Over the past five years the strain on Houston's emergency rooms has caused a sense of panic among some doctors and hospital staff. The situation where emergency rooms have to turn away patients is getting better, but the rate is still about 15 percent. The number of uninsured patients visiting ERs is higher than ever and that's creating a significant financial burden on hospitals. Dr. Guy Clifton is a surgeon with UT Medical School and the founder of Save Our ERs. He says, statewide, hospitals are losing about $200 million per year in caring for the uninsured.
Another strain on the hospital systems seems to be that ambulance drivers pick up an emergency case and don't always take the patient to the appropriate hospital. For instance, the city's level one trauma centers receive thousands more cases than other hospitals, even when those cases are lesser emergencies and could easily be treated at smaller hospitals. Clifton says there are 59 ambulance services in the 13-county region that respond to 9-1-1 calls and no one is coordinating their efforts.

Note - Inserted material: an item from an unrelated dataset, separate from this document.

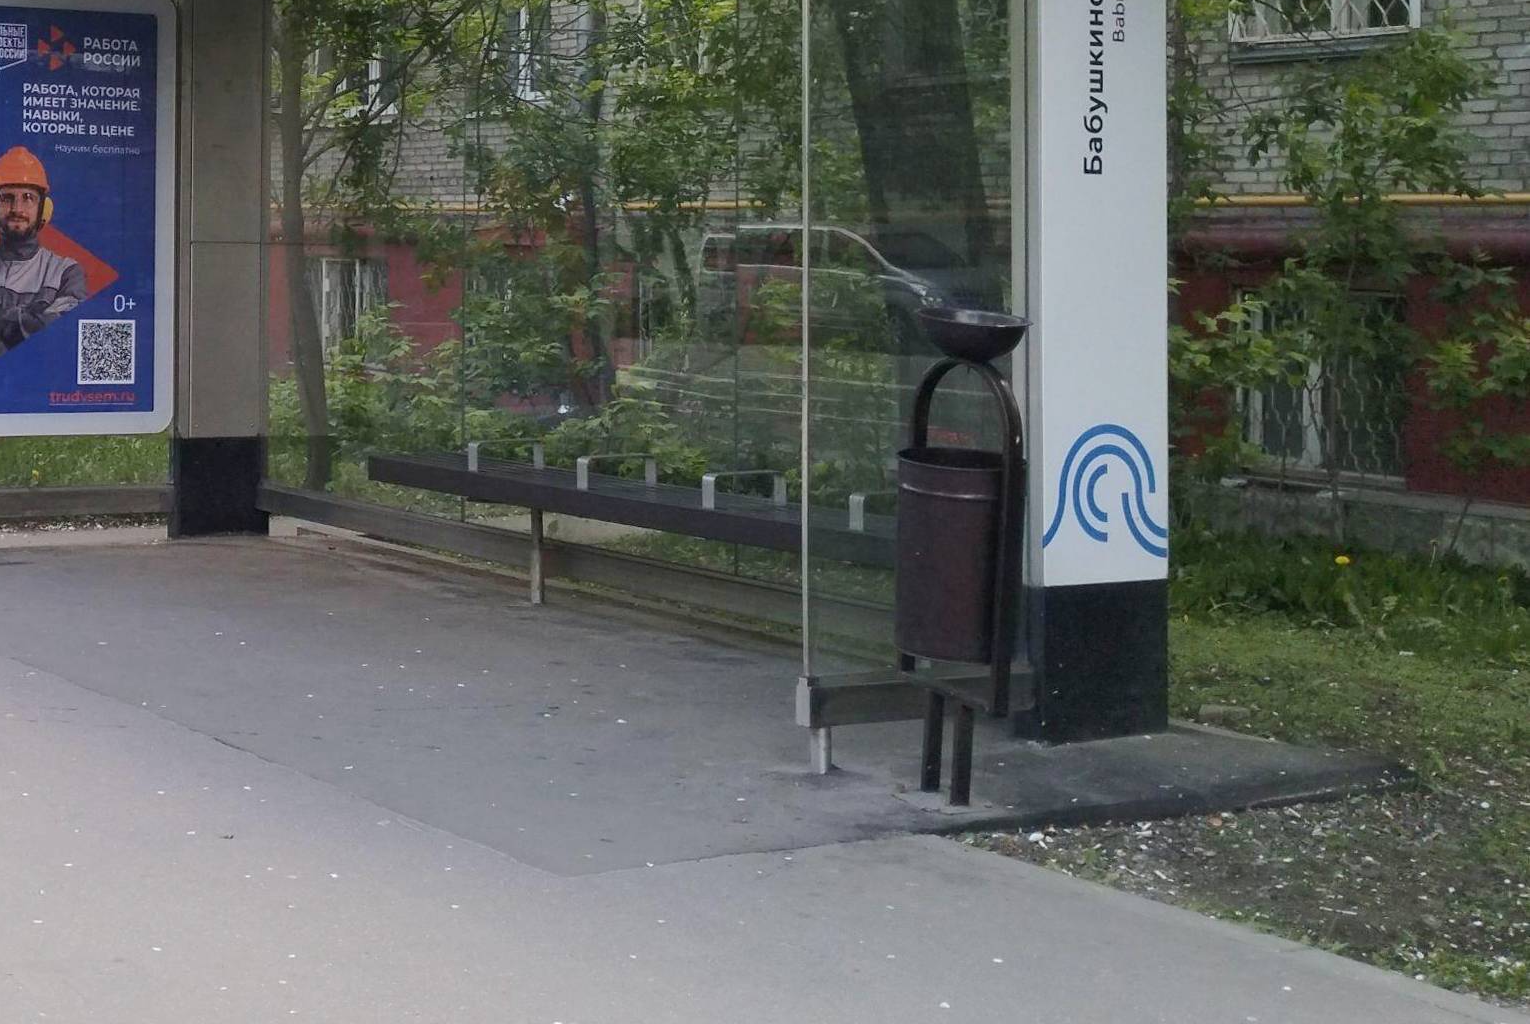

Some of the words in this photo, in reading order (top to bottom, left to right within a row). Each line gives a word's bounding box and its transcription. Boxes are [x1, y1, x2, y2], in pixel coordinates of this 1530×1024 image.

Clifton says during Hurricanes Katrina and Rita, all of the ambulances were coordinated through a command center that helped distribute patients to various hospitals. He thinks that approach could be reproduced and emergencies could be more efficiently handled when sent to the proper place.
Clifton says the ambulance services would have to participate voluntarily, at least in the beginning. And hospitals would have to accept whatever cases get sent their way, but Clifton thinks this method would go a long way in relieving emergency rooms. He says the next step is to market the idea to area stakeholders and see what kind of response he gets.